Il toto-nomi procede sia nel Pdl che nel Pd, che pensa anche alle primarie.
Inizialmente era stata paventata la possibilità di accorpare le nuove elezioni comunali a quelle regionali del 28 e 29 marzo, e fare le primarie il 14 febbraio.
I cittadini bolognesi, a partire da quelli più famosi come Dalla e Morandi, stanno chiedendo a gran voce che sia Prodi a candidarsi come sindaco per il Pd. Il Professore, gentilmente, ringrazia e rifiuta.

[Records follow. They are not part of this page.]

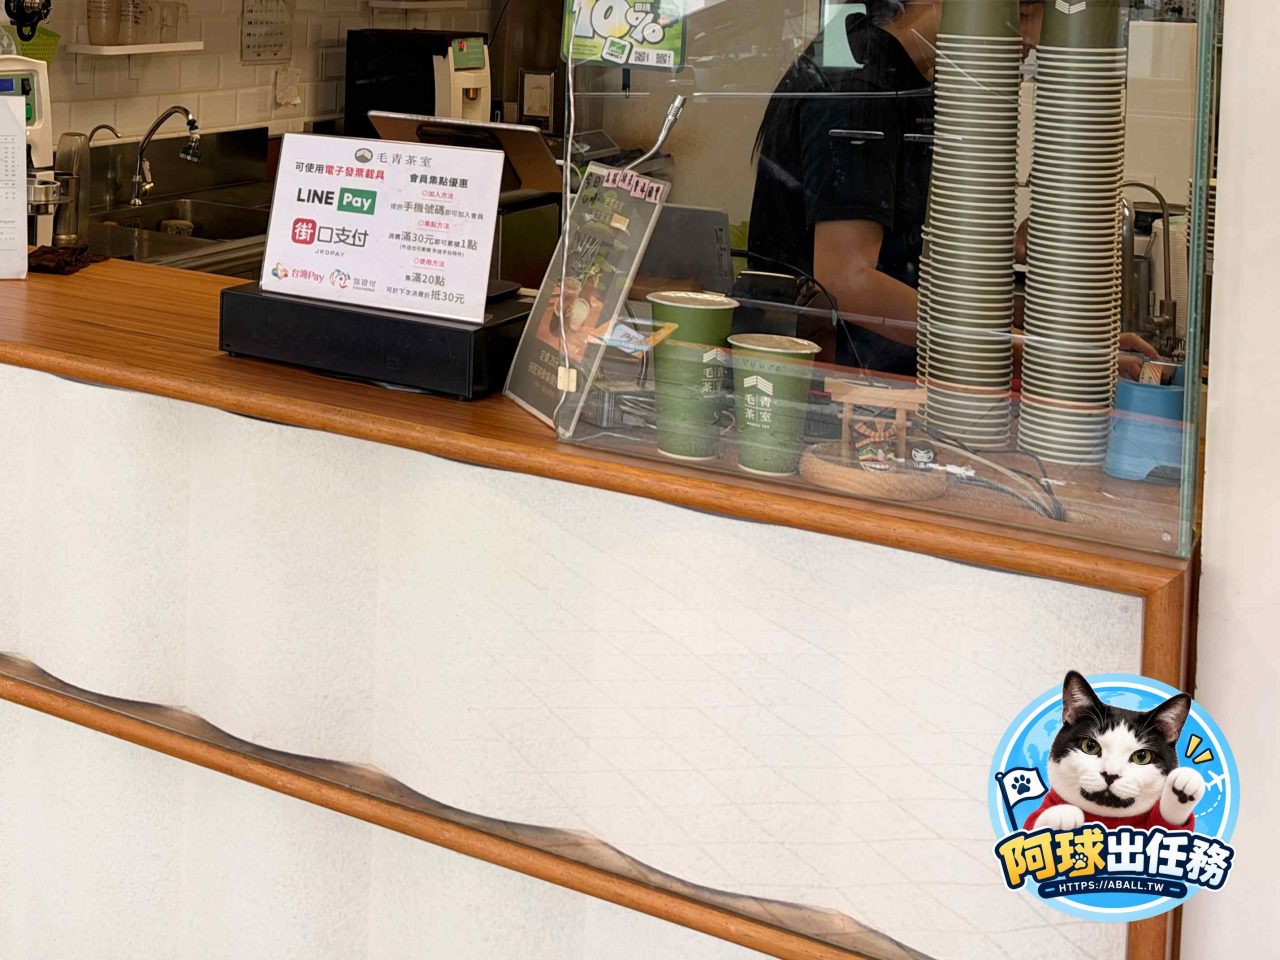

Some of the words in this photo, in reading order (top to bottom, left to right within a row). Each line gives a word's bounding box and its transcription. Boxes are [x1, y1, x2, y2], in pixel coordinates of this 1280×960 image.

[376, 152, 432, 168] 毛青茶室
[296, 162, 385, 180] 可使用電子發票載具
[410, 173, 468, 188] 會員集點優惠
[297, 188, 335, 205] LINE
[342, 193, 372, 211] Pay
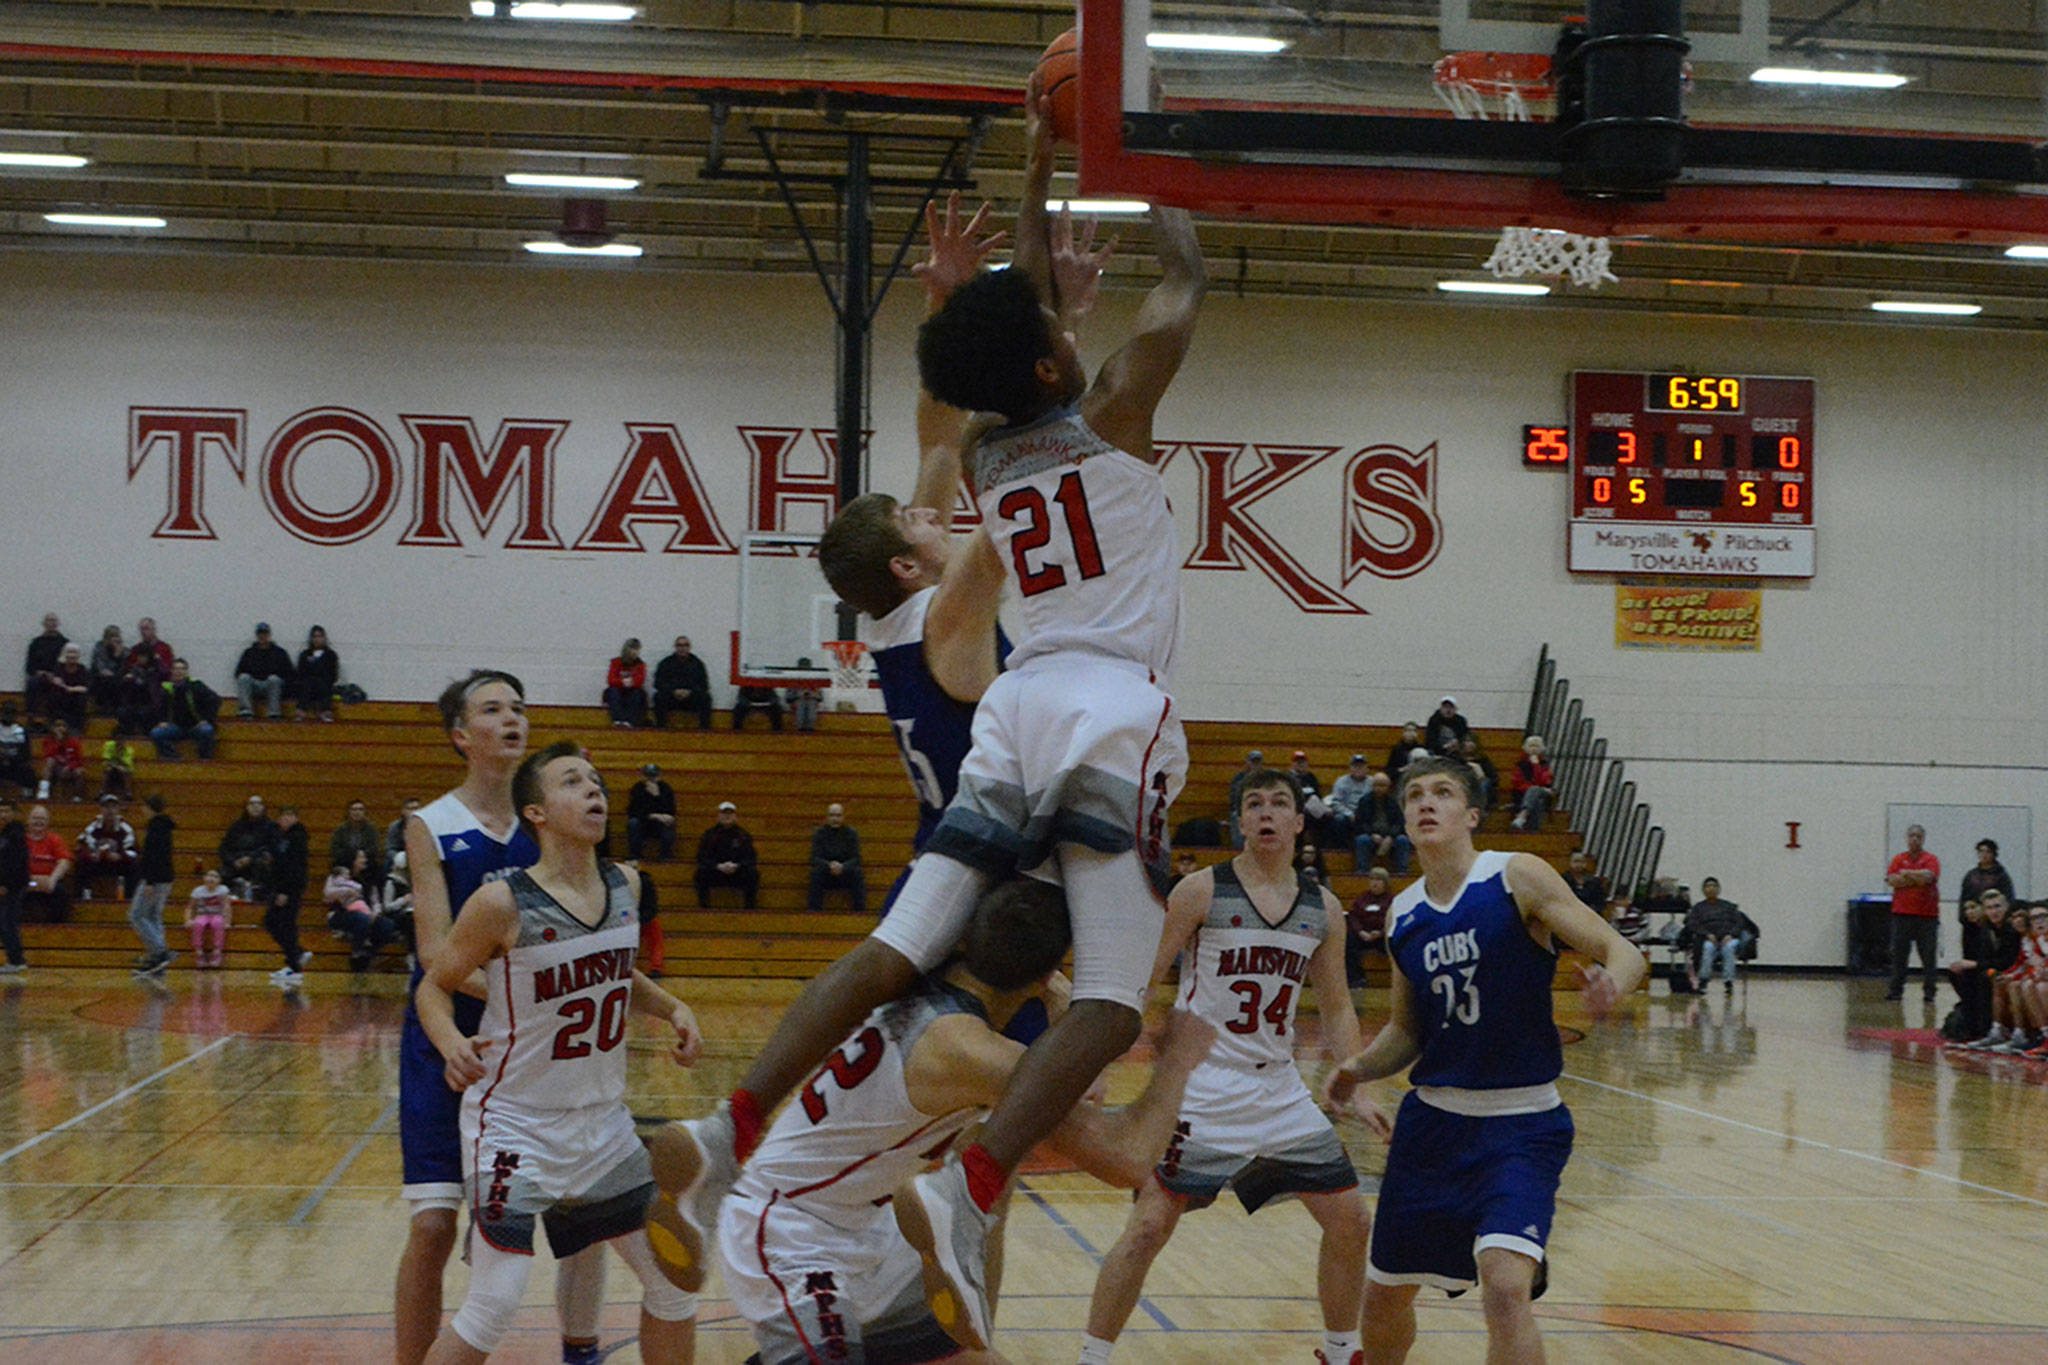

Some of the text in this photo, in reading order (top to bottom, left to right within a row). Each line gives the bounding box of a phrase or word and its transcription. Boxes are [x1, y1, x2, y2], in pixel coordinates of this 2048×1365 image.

E' invece di ieri la notizia che Bologna non potrà votare a fine marzo perchè le dimissioni di Flavio Delbono sono avvenute oltre il termine utile.
Se il Parlamento lo riterrà opportuno, potrà approvare una modifica all’attuale normativa degli enti locali per far andare Bologna al voto in primavera o in autunno. In assenza di questo intervento legislativo, le elezioni a Bologna slitteranno al 2011 e la città sarà gestita da un commissario per un anno e mezzo.

sabato 30 gennaio 2010

L'arte di raccontare storie

Il 27 gennaio, a San Francisco, Steve Jobs ha presentato l' iPad, il tablet di casa Apple a lungo annunciato e finalmente svelato.
L' ultima creazione della casa di Cupertino ha conquistato le prime pagine dei giornali di tutto il mondo, che le hanno dedicato articoli approfonditi, e su di essa sono stati espressi giudizi contrastanti.
Nonostante questo, non è dell'iPad che vorrei parlare, bensì del creatore e mentore della Apple: Steve Jobs.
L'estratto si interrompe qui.